WORK INSTRUCTIONS:
The line containing "Some of the text" marks where copying starts, so set down that line and each one after it exactly, through the end of the records.

*** STUDY MATERIAL ***

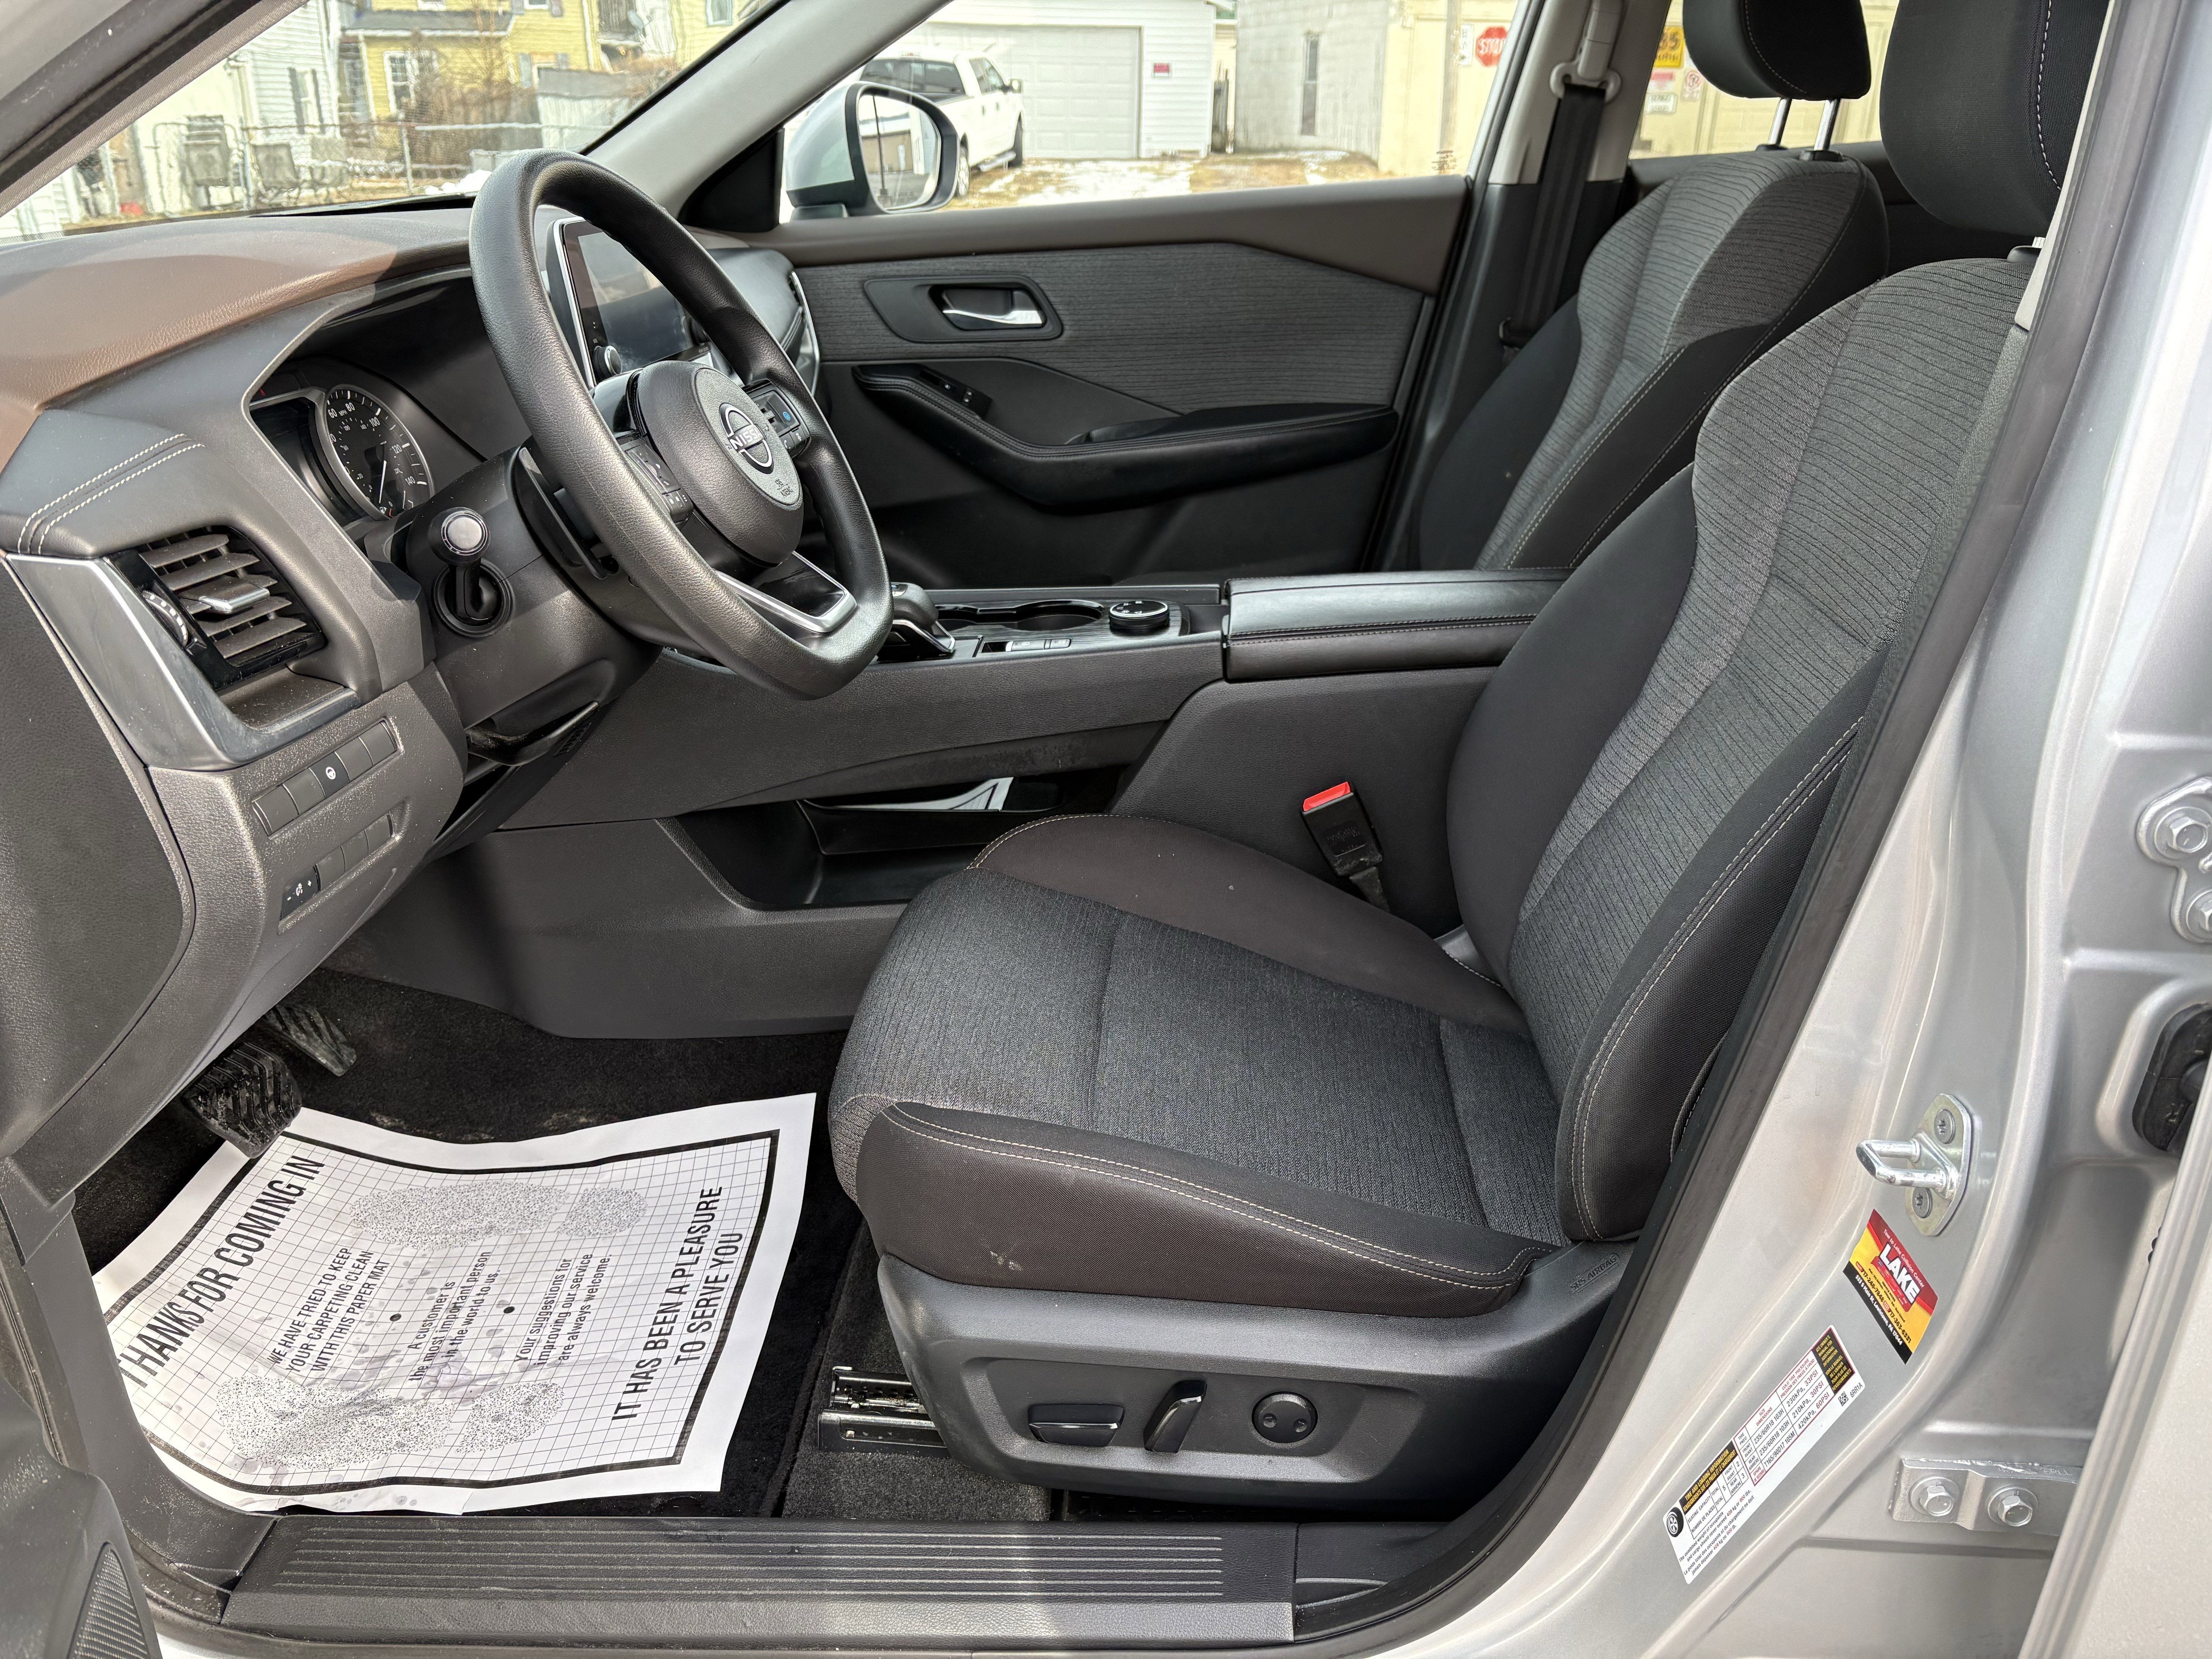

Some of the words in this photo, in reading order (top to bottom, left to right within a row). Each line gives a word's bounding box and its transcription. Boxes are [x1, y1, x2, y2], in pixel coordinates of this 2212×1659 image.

[328, 408, 337, 418] 60
[345, 402, 355, 412] 80
[369, 417, 380, 427] 100
[392, 444, 402, 454] 120
[405, 476, 415, 486] 140
[671, 1186, 723, 1279] PLEASURE
[709, 1233, 743, 1269] YOU
[116, 1301, 205, 1388] THANKS
[178, 1267, 240, 1313] FOR
[214, 1180, 307, 1267] COMING
[282, 1155, 325, 1180] IN
[484, 1269, 501, 1284] us.
[1571, 1277, 1586, 1290] SRS
[1587, 1257, 1617, 1280] AIRBAG
[1879, 1242, 1920, 1305] LAKE
[1889, 1237, 1894, 1246] to
[1893, 1242, 1902, 1256] Lake
[1900, 1253, 1914, 1274] Collision
[1913, 1271, 1925, 1289] Center
[267, 1348, 287, 1364] WE
[278, 1320, 306, 1348] HAVE
[297, 1288, 326, 1317] TRIED
[318, 1273, 337, 1286] TO
[328, 1248, 352, 1271] KEEP
[476, 1286, 491, 1297] to
[558, 1344, 575, 1361] are
[567, 1304, 591, 1341] always
[584, 1254, 612, 1302] welcome.
[665, 1284, 691, 1295] A
[687, 1274, 730, 1334] SERVE
[285, 1343, 316, 1372] YOUR
[307, 1283, 354, 1340] CARPETING
[345, 1250, 374, 1281] CLEAN
[310, 1342, 340, 1371] WITH
[330, 1317, 355, 1339] THIS
[346, 1282, 377, 1315] PAPER
[368, 1259, 390, 1280] MAT
[408, 1365, 429, 1381] the
[422, 1336, 445, 1362] most
[435, 1285, 473, 1333] important
[466, 1251, 491, 1283] person
[416, 1293, 449, 1340] customer
[441, 1281, 455, 1291] is
[461, 1298, 485, 1326] world
[514, 1337, 537, 1362] Your
[529, 1274, 565, 1334] suggestions
[556, 1258, 572, 1272] for
[533, 1312, 572, 1365] improving
[562, 1293, 577, 1309] our
[570, 1254, 593, 1290] service
[643, 1301, 684, 1352] BEEN
[1863, 1285, 1871, 1298] Main
[1887, 1322, 1893, 1333] PA
[1892, 1329, 1903, 1346] 17044
[441, 1348, 459, 1358] in
[449, 1329, 469, 1346] the
[673, 1340, 706, 1366] TO
[622, 1357, 663, 1395] HAS
[1849, 1381, 1863, 1398] 6RR1A
[611, 1402, 642, 1421] IT
[1753, 1419, 1774, 1445] 235/60R18
[1773, 1407, 1784, 1422] 103H
[1786, 1384, 1805, 1408] 230kPa,
[1804, 1369, 1818, 1387] 33PSI
[1759, 1430, 1780, 1456] 235/60R18
[1779, 1419, 1790, 1434] 103H
[1791, 1395, 1811, 1420] 210kPa,
[1810, 1380, 1824, 1398] 30PSI
[1764, 1441, 1785, 1468] T165/90D17
[1784, 1430, 1795, 1445] 105M
[1797, 1406, 1817, 1431] 420kPa,
[1815, 1391, 1830, 1410] 60PSI
[1697, 1469, 1711, 1487] LOADING
[1709, 1448, 1729, 1474] INFORMATION
[1687, 1508, 1698, 1523] SEATING
[1698, 1494, 1711, 1511] CAPACITY
[1711, 1486, 1719, 1496] TOTAL
[1705, 1504, 1715, 1518] PLACES
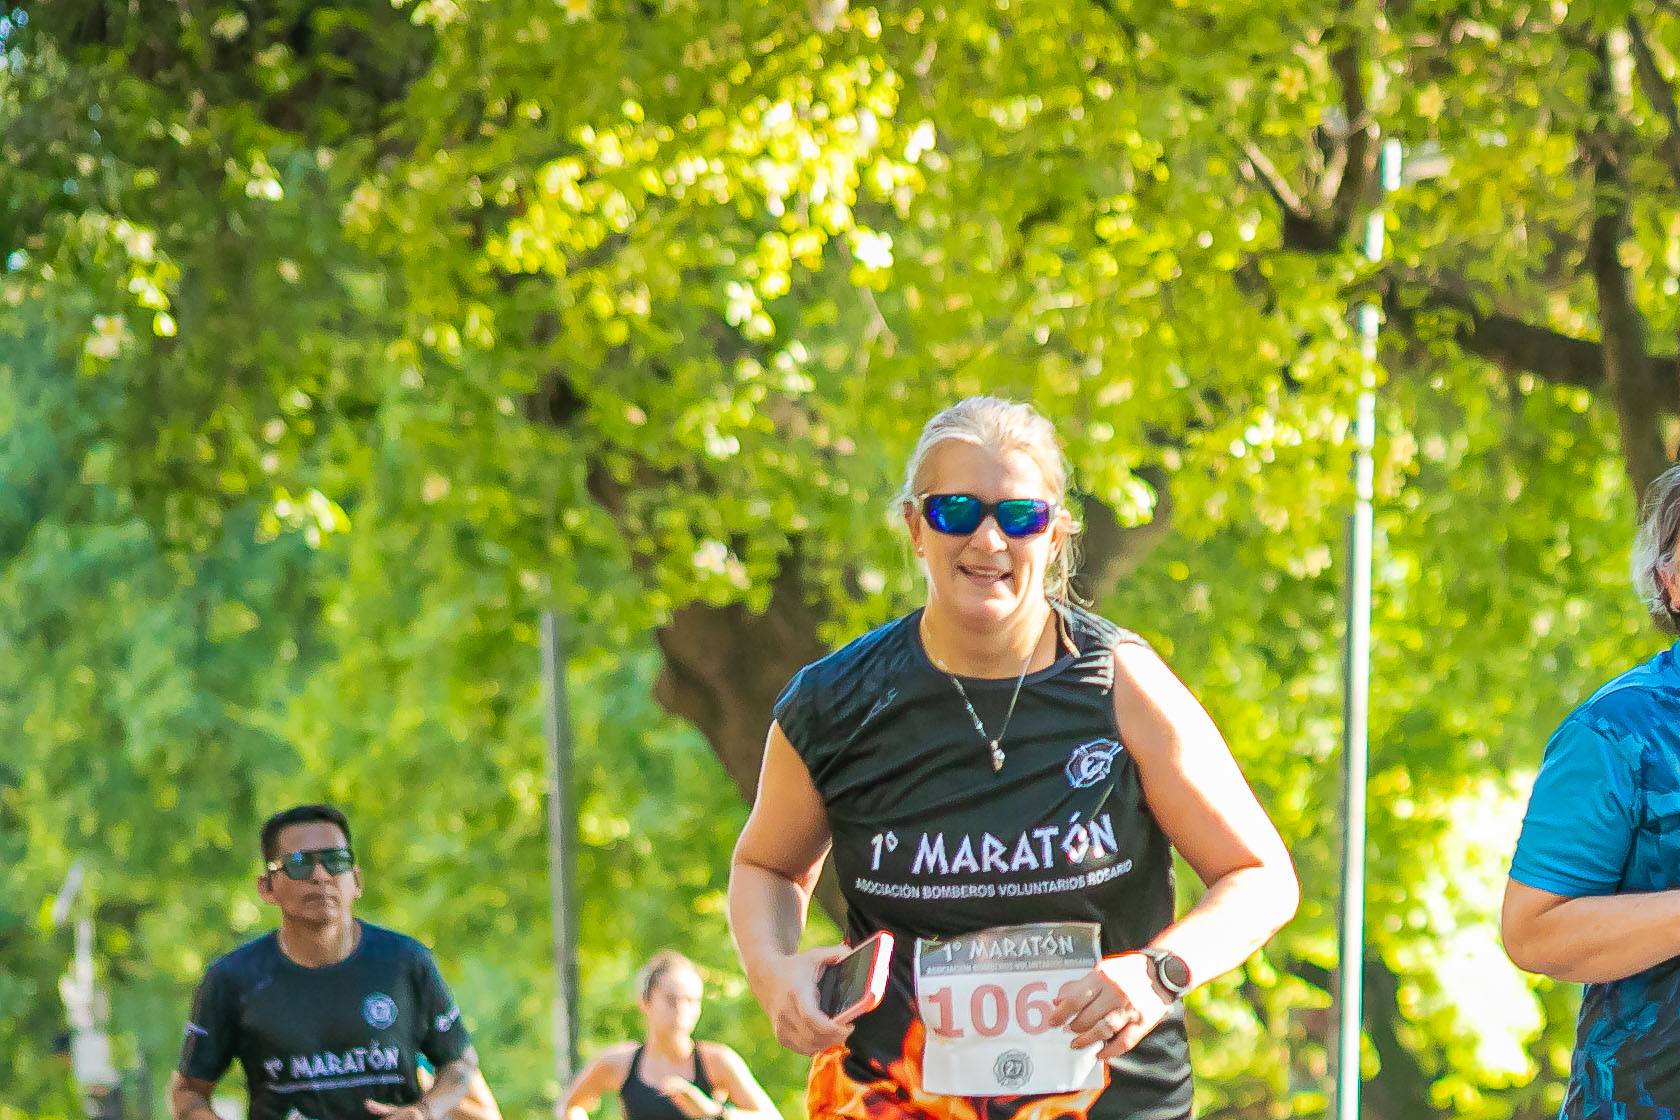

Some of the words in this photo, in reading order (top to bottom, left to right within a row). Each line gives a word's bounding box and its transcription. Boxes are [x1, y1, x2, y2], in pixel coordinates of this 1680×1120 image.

[911, 810, 1119, 875] MARATÓN
[922, 883, 996, 900] BOMBEROS
[998, 874, 1085, 897] VOLUNTARIOS
[1086, 858, 1133, 887] ROSARIO
[969, 930, 1074, 960] MARATÓN
[928, 981, 1070, 1039] 106
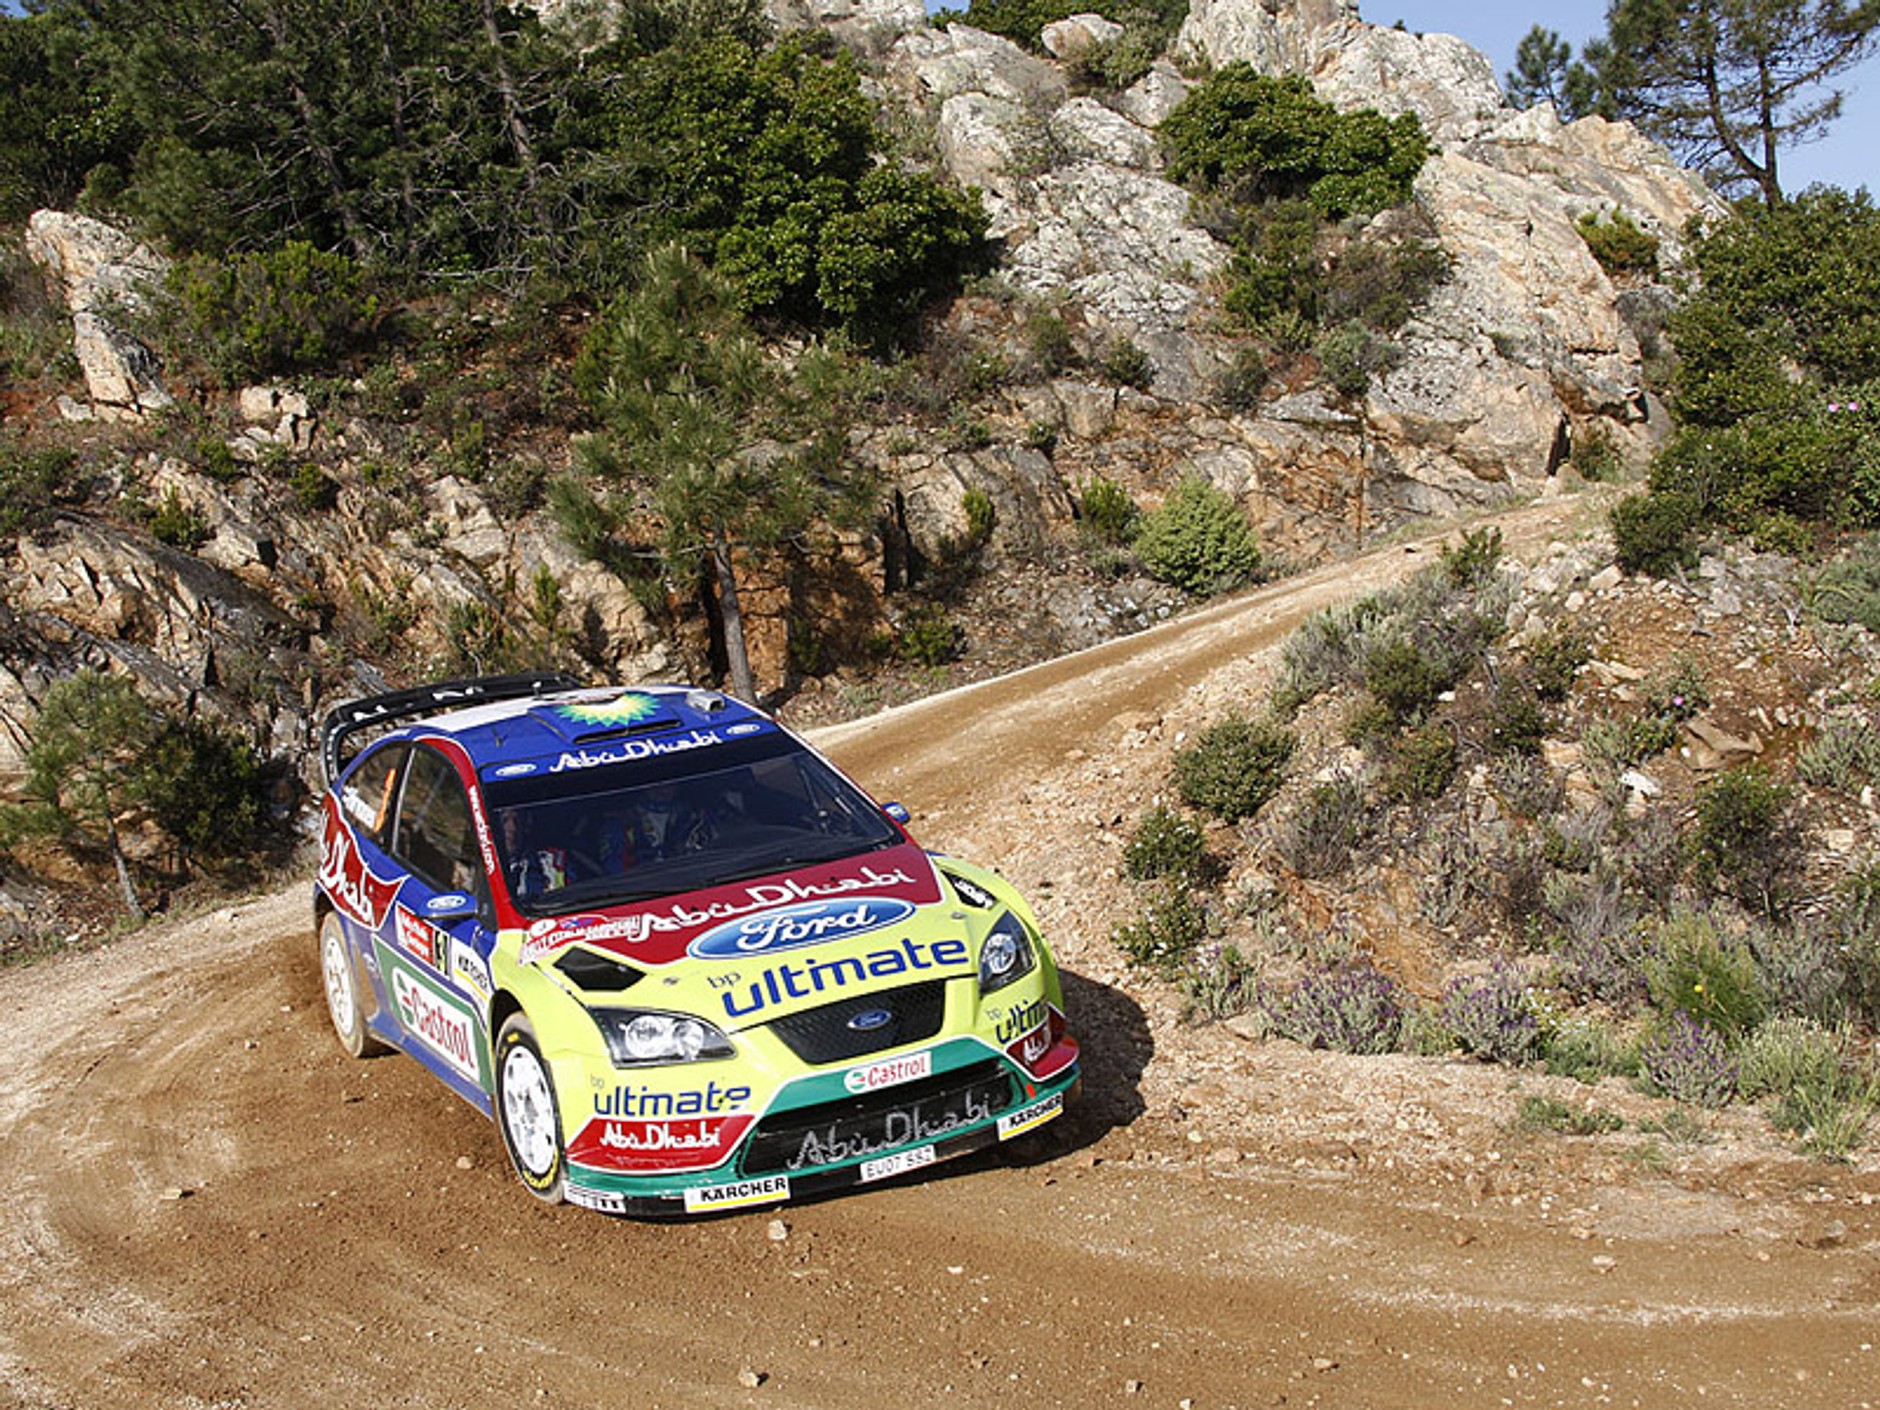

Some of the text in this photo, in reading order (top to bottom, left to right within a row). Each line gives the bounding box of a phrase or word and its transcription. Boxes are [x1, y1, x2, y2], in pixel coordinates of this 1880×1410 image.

[737, 905, 878, 951] Ford
[707, 971, 742, 990] bp
[722, 938, 970, 1018] ultimate
[412, 986, 475, 1069] Castrol
[867, 1055, 926, 1088] Castrol
[594, 1081, 751, 1117] ultimate
[865, 1156, 902, 1178] EU07

*** End of STUDY MATERIAL ***

RESPONSE TO THIS EXERCISE:
Some of the text in this photo, in reading order (top to bottom, left to right within a row). Each line gives the bounding box of a phrase or word and its transcription. Boxes are [x1, y1, x2, y2], in pixel coordinates of this 1880×1410 image.

[737, 905, 878, 951] Ford
[707, 971, 742, 990] bp
[722, 938, 970, 1018] ultimate
[412, 986, 475, 1069] Castrol
[867, 1055, 926, 1088] Castrol
[594, 1081, 751, 1117] ultimate
[865, 1156, 902, 1178] EU07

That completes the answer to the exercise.